> What needs to be done: What you output must match the entries exactly, apart from the pictures, which are left out.

• • • •

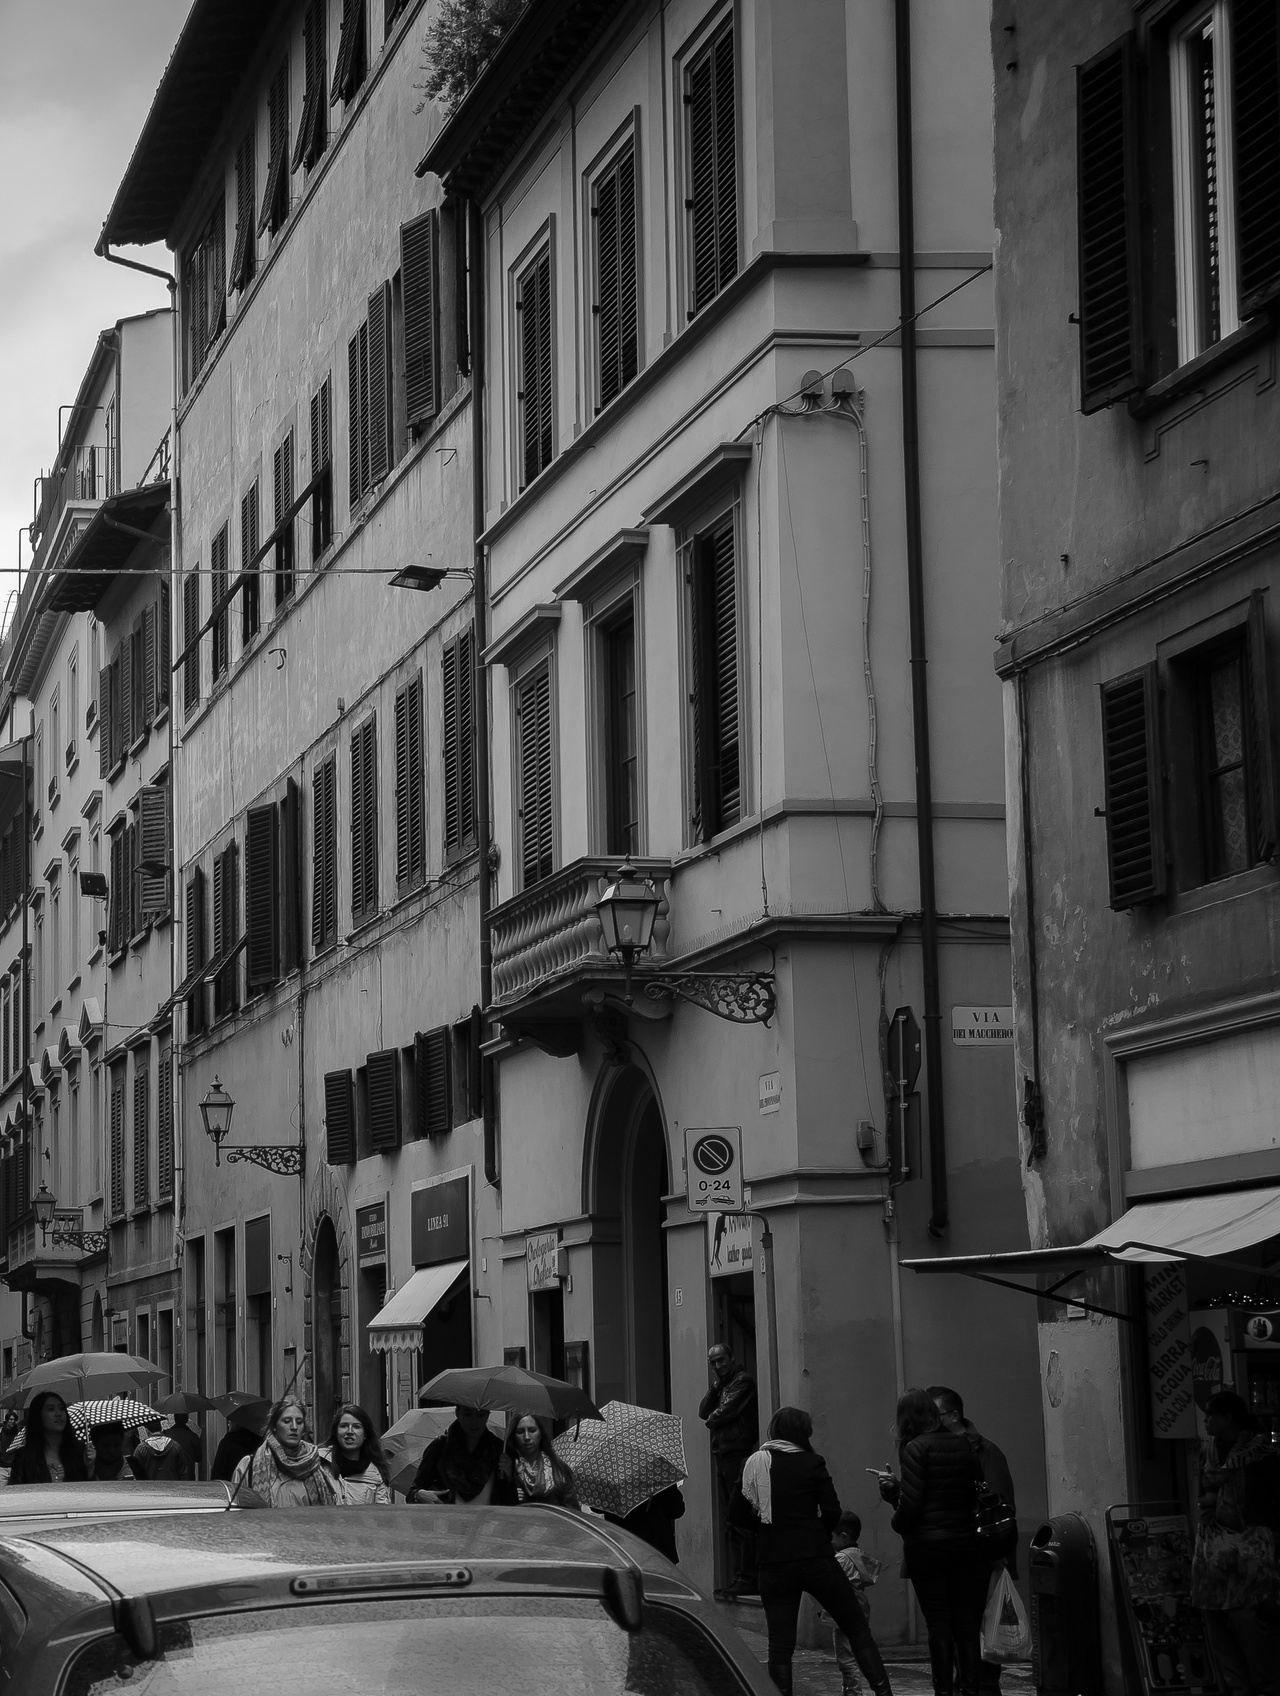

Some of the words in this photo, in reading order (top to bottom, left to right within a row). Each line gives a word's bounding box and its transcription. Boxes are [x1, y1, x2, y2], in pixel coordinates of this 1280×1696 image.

[953, 1029, 966, 1039] DEI
[968, 1029, 1014, 1039] MACCHERO
[973, 1012, 1001, 1023] VIA
[698, 1180, 731, 1192] 0-24
[1144, 1261, 1184, 1293] MINI
[1146, 1275, 1186, 1317] MARKET
[1148, 1326, 1169, 1348] COLD
[1164, 1306, 1186, 1333] DRINK
[1151, 1338, 1190, 1381] BIRRA
[1154, 1363, 1192, 1404] ACQUA
[1155, 1408, 1179, 1434] COCA
[1172, 1388, 1193, 1413] COLA
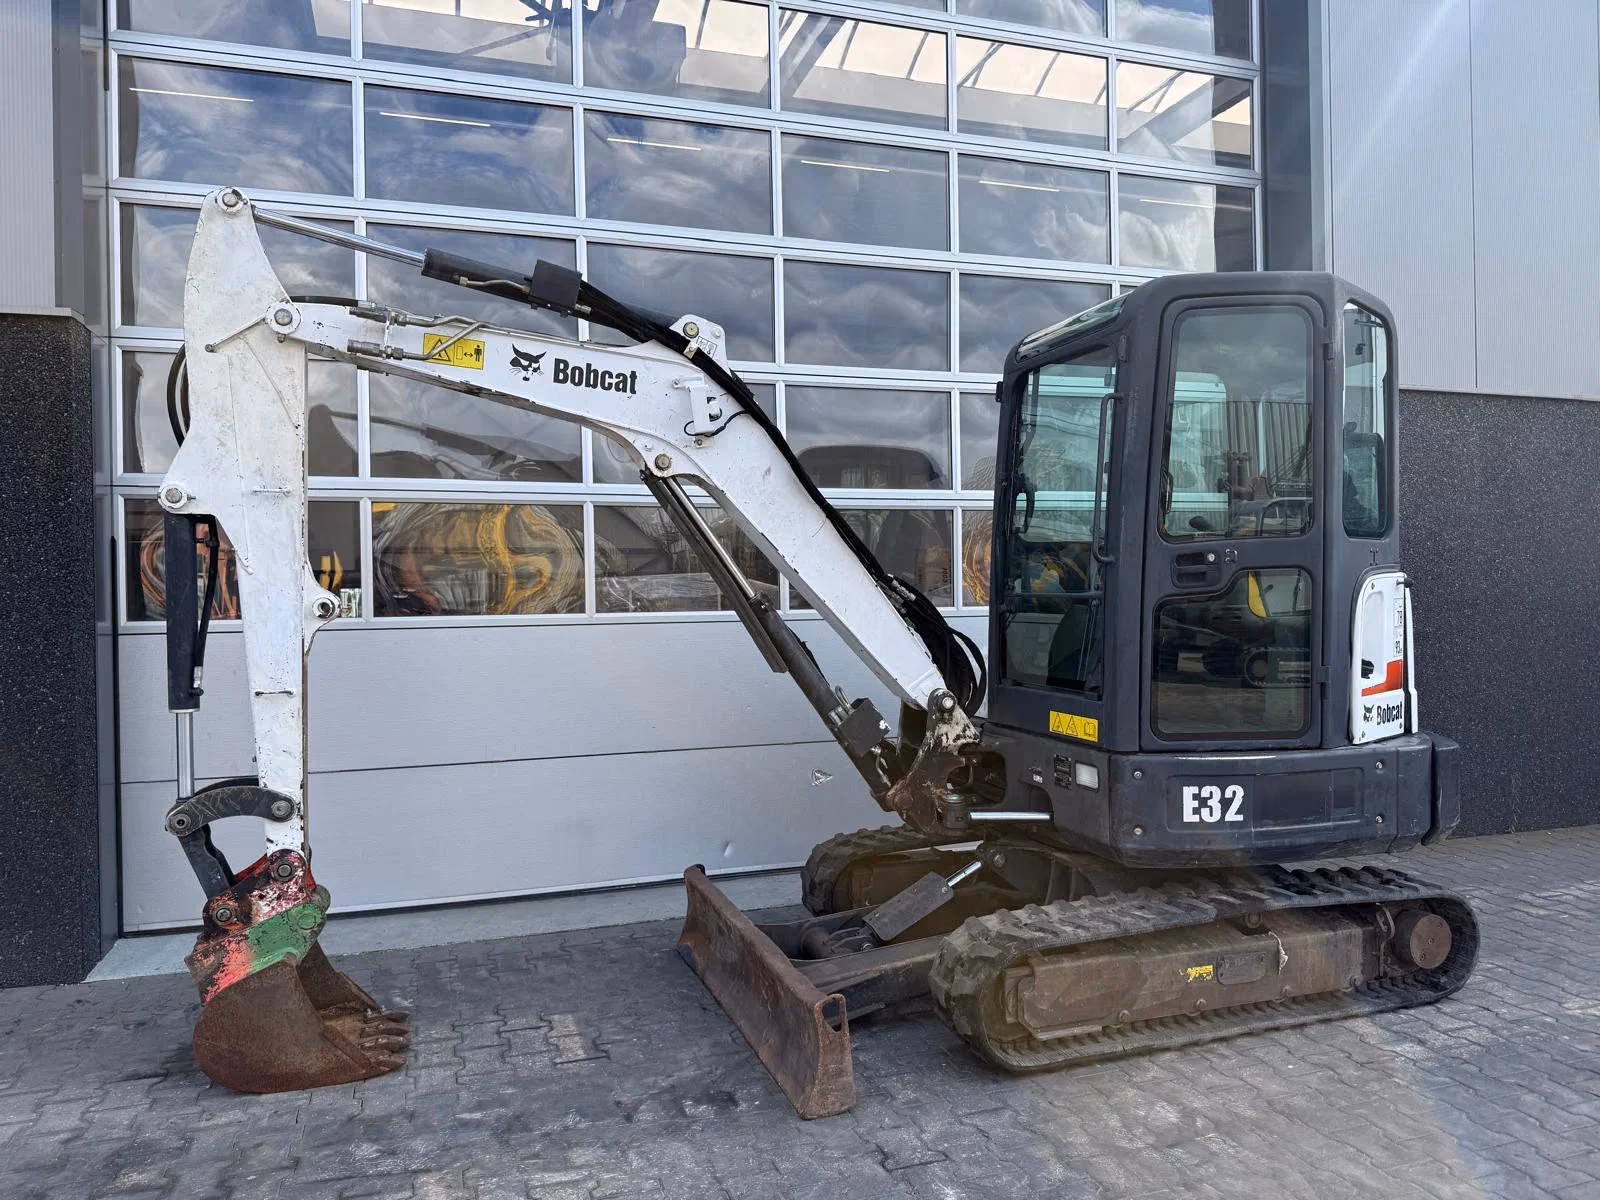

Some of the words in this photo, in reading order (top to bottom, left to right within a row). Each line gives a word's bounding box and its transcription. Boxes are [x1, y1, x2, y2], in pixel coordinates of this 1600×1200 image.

[553, 358, 637, 394] Bobcat
[1376, 701, 1402, 726] Bobcat
[1182, 785, 1244, 823] E32
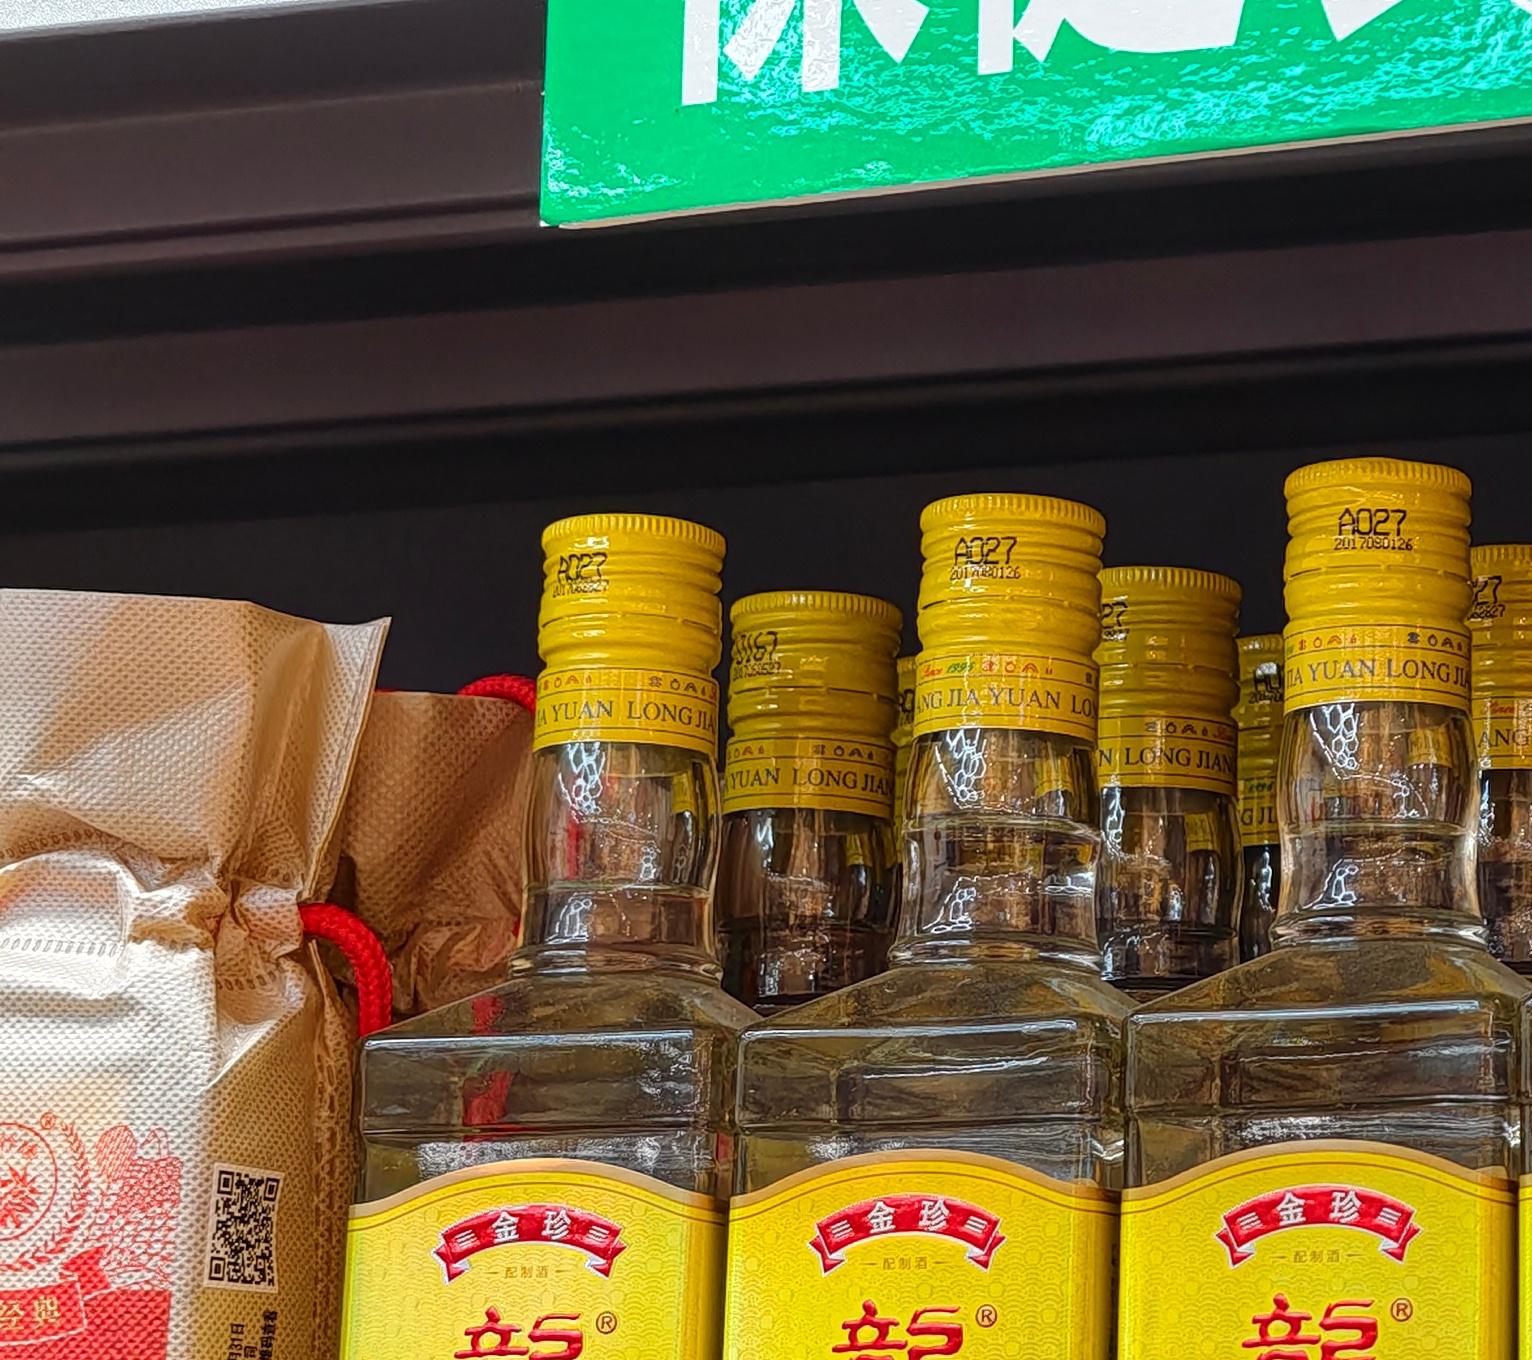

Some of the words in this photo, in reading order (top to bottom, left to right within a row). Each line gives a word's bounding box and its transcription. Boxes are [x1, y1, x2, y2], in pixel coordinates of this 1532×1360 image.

[1337, 507, 1408, 538] A027
[953, 535, 1018, 565] A027
[1308, 658, 1376, 682] YUAN
[1386, 658, 1451, 684] LONG
[986, 688, 1061, 711] YUAN
[627, 700, 693, 729] LONG
[1124, 747, 1193, 770] LONG
[792, 768, 858, 790] LONG

• • • •

> Worked solution:
Some of the words in this photo, in reading order (top to bottom, left to right within a row). Each line gives a word's bounding box and its transcription. Boxes are [x1, y1, x2, y2], in pixel coordinates of this 1280×1696 image.

[953, 1029, 966, 1039] DEI
[968, 1029, 1014, 1039] MACCHERO
[973, 1012, 1001, 1023] VIA
[698, 1180, 731, 1192] 0-24
[1144, 1261, 1184, 1293] MINI
[1146, 1275, 1186, 1317] MARKET
[1148, 1326, 1169, 1348] COLD
[1164, 1306, 1186, 1333] DRINK
[1151, 1338, 1190, 1381] BIRRA
[1154, 1363, 1192, 1404] ACQUA
[1155, 1408, 1179, 1434] COCA
[1172, 1388, 1193, 1413] COLA

Some of the words in this photo, in reading order (top to bottom, left to right within a row). Each line gives a word's bounding box and its transcription. Boxes are [x1, y1, x2, y2], in pixel coordinates of this 1600×1200 image.

[553, 358, 637, 394] Bobcat
[1376, 701, 1402, 726] Bobcat
[1182, 785, 1244, 823] E32

Some of the words in this photo, in reading order (top to bottom, left to right within a row). Each line gives a word's bounding box and its transcription. Boxes are [x1, y1, x2, y2], in pixel coordinates of this 1532×1360 image.

[1337, 507, 1408, 538] A027
[953, 535, 1018, 565] A027
[1308, 658, 1376, 682] YUAN
[1386, 658, 1451, 684] LONG
[986, 688, 1061, 711] YUAN
[627, 700, 693, 729] LONG
[1124, 747, 1193, 770] LONG
[792, 768, 858, 790] LONG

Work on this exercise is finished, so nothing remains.